Command-line interface for NGT with Quantization for indexing high-dimensional data
qbg - proximity search for high dimensional data with quantization
$ qbg command [option] index [data]
Note:
When the environment variable POSIXLY_CORERECT is set on some platforms such as Cygwin, you should specifiy options before the command as follows.
$ qbg [option] command index [data]
qbg handles two types of graphs with quantization: Quantized Graph (QG) and Quantized Blob Graph (QBG).
command for the quantized graph is one of:
command for the quantized blob graph is one of:
Make and initialize a QG directory for the quantized graph in the specified NGT index directory, and insert the data in the NGT index into the QG index.
$ qbg create-qg [-P number_of_extended_dimensions] [-Q number_of_subvector_dimensions] index
index
Specify the name of the directory for the existing index such as ANNG or ONNG to be quantized. The index only with L2 distance and normalized cosine similarity distance can be quantized. You should build the ANNG or ONNG with normalized cosine similarity in order to use cosine similarity for the quantized graph.
-P number_of_extended_dimensions
Specify the number of the extended dimensions. The number should be greater than or equal to the number of the genuine dimensions, and also should be a multiple of 4. When this option is not specified, the smallest multiple of 4 that is greater than the dimension is set to the number of the extended dimensions.
-Q number_of_subvector_dimension
Specify the number of the subvector dimensions. The number should be less than or equal to the the number of the extended dimensions, and also should be a divisor of the number of the extended dimensions. When this option is not specified, one is set to the number of the subvector dimensions.
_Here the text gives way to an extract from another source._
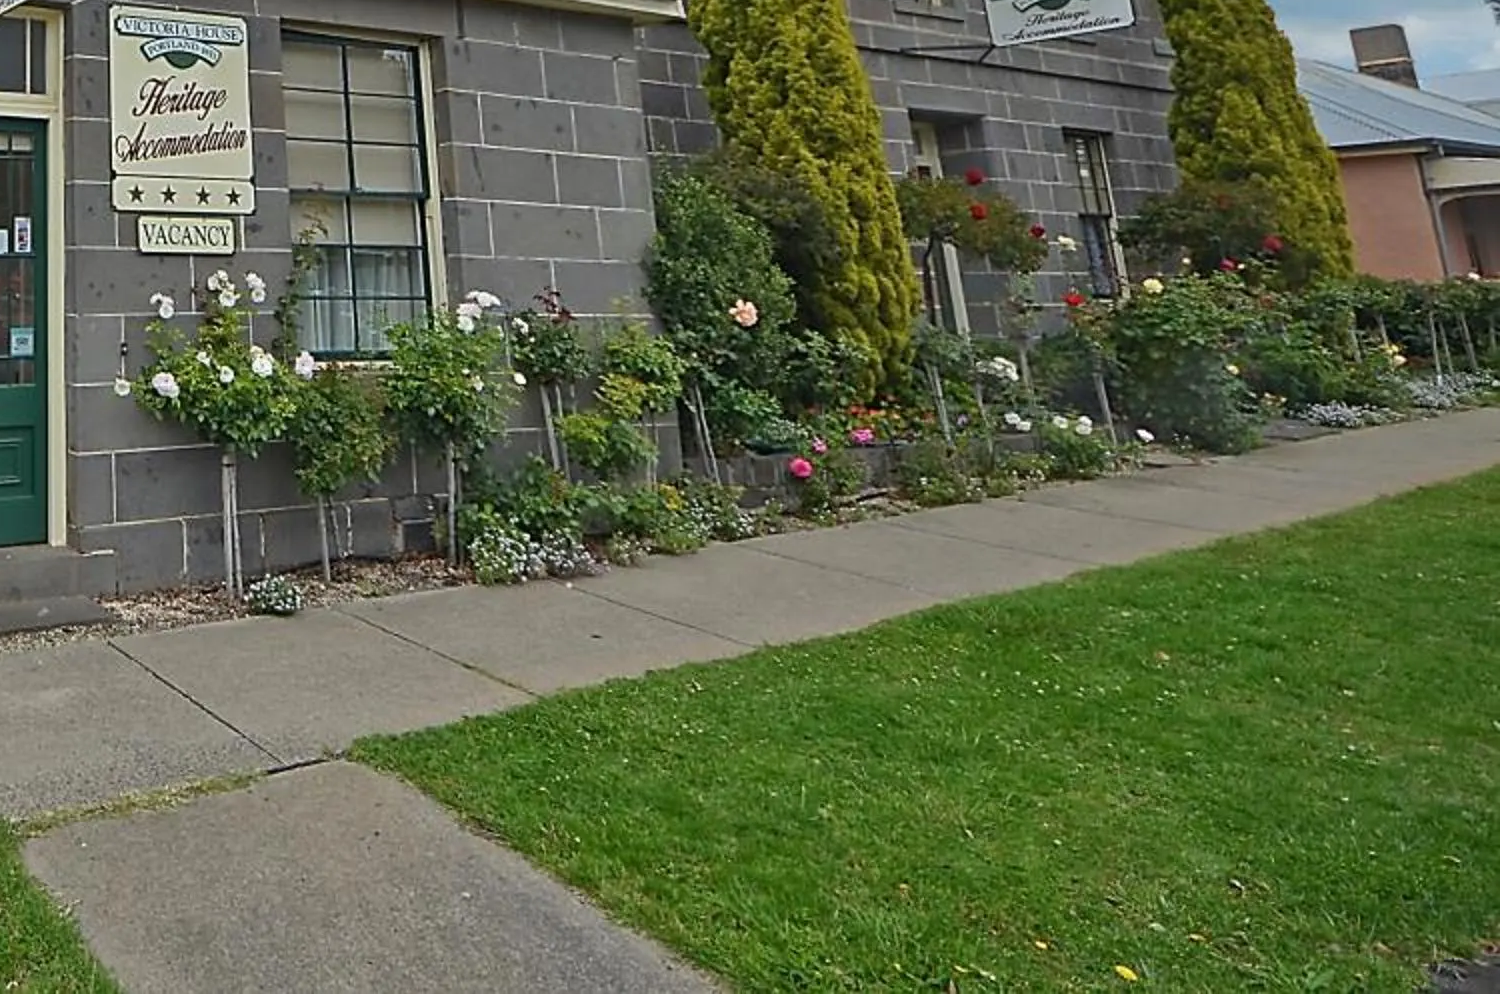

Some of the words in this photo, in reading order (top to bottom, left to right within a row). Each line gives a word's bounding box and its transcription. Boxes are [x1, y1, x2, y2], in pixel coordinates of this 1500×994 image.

Quantize the objects of the specified index and build a quantized graph into the index.
$ qbg build-qg [-o number_of_objects_for_quantization] [-E max_number_of_edges] [-M number_of_trials] index
index
Specify the name of the directory for the existing index such as ANNG or ONNG to be quantized. The index only with L2 distance and normalized cosine similarity distance can be quantized. You should build the ANNG or ONNG with normalized cosine similarity in order to use cosine similarity for the quantized graph.
-o number_of_objects_for_quantization
Specify the number of object for quantization and optimization. The number should be less than or equal to the number of the registered objects.
-E max_number_of_edges
Specify the maximum number of edges to build a qunatized graph. Since every 16 objects that are associated with edges of each node are processed, the number should be a multiple of 16.
-M number_of_trials
Specify the number of trials to optimize the subvector quantization.
Search the index using the specified query data.
$ qbg search-qg [-n number_of_search_objects] [-e search_range_coefficient] [-p result_expansion]
[-r search_radius] index query_data
index
Specify the path of the existing quantized index.
query_data
Specify the path of the file containing query data. This file shall consist of one item of query data per line and each dimensional element of that data item shall be delimited by a space or tab. Each search shall be sequentially performed when providing multiple queries.
-n number_of_search_objects (default: 20)
Specify the number of search objects.
-e search_range_coefficient (default = 0.02)
Specify the magnification coefficient (epsilon) of the search range. A larger value means higher accuracy but slower searching, while a smaller value means a drop in accuracy but faster searching. While it is desirable to adjust this value within the range of 0 - 0.1, a negative value (> -1.0) may also be specified.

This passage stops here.